Yet another question regarding OTU clustering

mstagliamonte · February 25, 2019, 6:24pm

Dear Qiimers,

Here I am, with another question regarding the vsearch workflow. For what I understand, the workflow should be something like this:

trim adapters (done)
merge paired end reads (done)
quality filtering (done)
chimera filtering
dereplicating
otu clustering

I am a bit confused at this point, as I read in some of the tutorials that I need to trim the reads to equal length, possibly using cutadapt, is that correct? I am struggling to find the proper command to do it.

Looking forward to your suggestions,
Max

thermokarst · February 25, 2019, 6:26pm

Hi @mstagliamonte - have you seen this tutorial? Clustering sequences into OTUs using q2-vsearch — QIIME 2 2019.1.0 documentation Also, this one: Identifying and filtering chimeric feature sequences with q2-vsearch — QIIME 2 2019.1.0 documentation

mstagliamonte · February 25, 2019, 6:54pm

Hi, @thermocast ,

Thank you for your kind attention. I have seen those tutorials, but I still think I am missing something. Actually, I have just reviewed the workflow here:

https://docs.qiime2.org/2019.1/tutorials/overview/

From that it looks like chimera filtering comes after the clustering step. Am I correct? As an alternative, would it be correct to just use the deblur output as input to clustering?

Best,
Max

thermokarst · February 25, 2019, 7:09pm

Yes.

Yes, although atypical --- while not incorrect, people tend to either go with ASV methods (like deblur or DADA2) or clustering --- not both.

Not necessarily --- where did you read that?

mstagliamonte · February 25, 2019, 7:29pm

Great, thank you.

I need to trim the reads to equal length, possibly using cutadapt, is that correct?
Not necessarily — where did you read that?

Here:

https://docs.qiime2.org/2019.1/tutorials/qiime2-for-experienced-microbiome-researchers/#merging-reads

got to OTU clustering --> Length trimming.

While my raw paired end reads are the same length, merged reads are not.
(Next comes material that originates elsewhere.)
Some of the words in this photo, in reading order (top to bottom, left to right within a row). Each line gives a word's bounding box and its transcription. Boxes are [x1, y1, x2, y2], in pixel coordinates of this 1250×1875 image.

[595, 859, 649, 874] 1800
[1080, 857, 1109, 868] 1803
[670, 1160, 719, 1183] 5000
Maybe I am just misunderstanding it.

thermokarst · February 25, 2019, 7:36pm

From my perspective this is probably a bit more of a "best practice" rather than a requirement, although perhaps @cduvallet can shed some light on that section of the tutorial.

mstagliamonte · February 25, 2019, 7:53pm

Thank you for your kind explanation. I look forward to @cduvallet 's feedback. In the meantime, I will go ahead with the pipeline.

Best,
Max

mpodar · February 25, 2019, 8:18pm

The amplicons generated by the 515F-806R primers (and for that matter probably any other amplicon) are not exactly the same length across the taxonomic spectrum, there are single nucleotide indels here and there, relative to the majority. That will give a dominant size and some shorter/longer (1-2 nt on either side). If you truncate to the most common size and remove anything shorter you will lose some taxa. If you trim the longer sequences from one end you will have a terminal gap in those sequences following a multiple sequence alignment and an internal gap in the dominant size sequences. Not sure if/how these would impact OTU calling as compared to leaving them as they are. But I would definitely not remove sequences that are a few nucleotides shorter than average. You can always extract them and see if they are a district taxon or a potential artifact.
Best,

Mircea

cduvallet · February 25, 2019, 9:35pm

I agree with everything that's been said!

The length trimming step is more important for dramatically different length reads (like the output of single-end sequencing like the older 454 pyrosequencing). I wouldn't worry about trimming if the reads are just a few bp's different (like @mpodar mentioned).

Having different length reads will affect your OTU calling differently depending on which similarity function you're calling. Check out the vsearch documentation (see the --id and --iddef section). fwiw, it doesn't look like the qiime2 implementation of vsearch allows for the --iddef flag to be changed.

In general I agree with @thermokarst that it probably makes more sense to do either denoising or clustering, unless you have a specific reason for wanting to do both.

mstagliamonte · February 26, 2019, 1:46pm

That is great information from you all,

I am trying to implement both ASV and OTU strategies (separately) and I think I have a better idea of the two workflows now.

Thanks everybody for your kind help
Max

system · March 29, 2019, 7:46pm

This topic was automatically closed 31 days after the last reply. New replies are no longer allowed.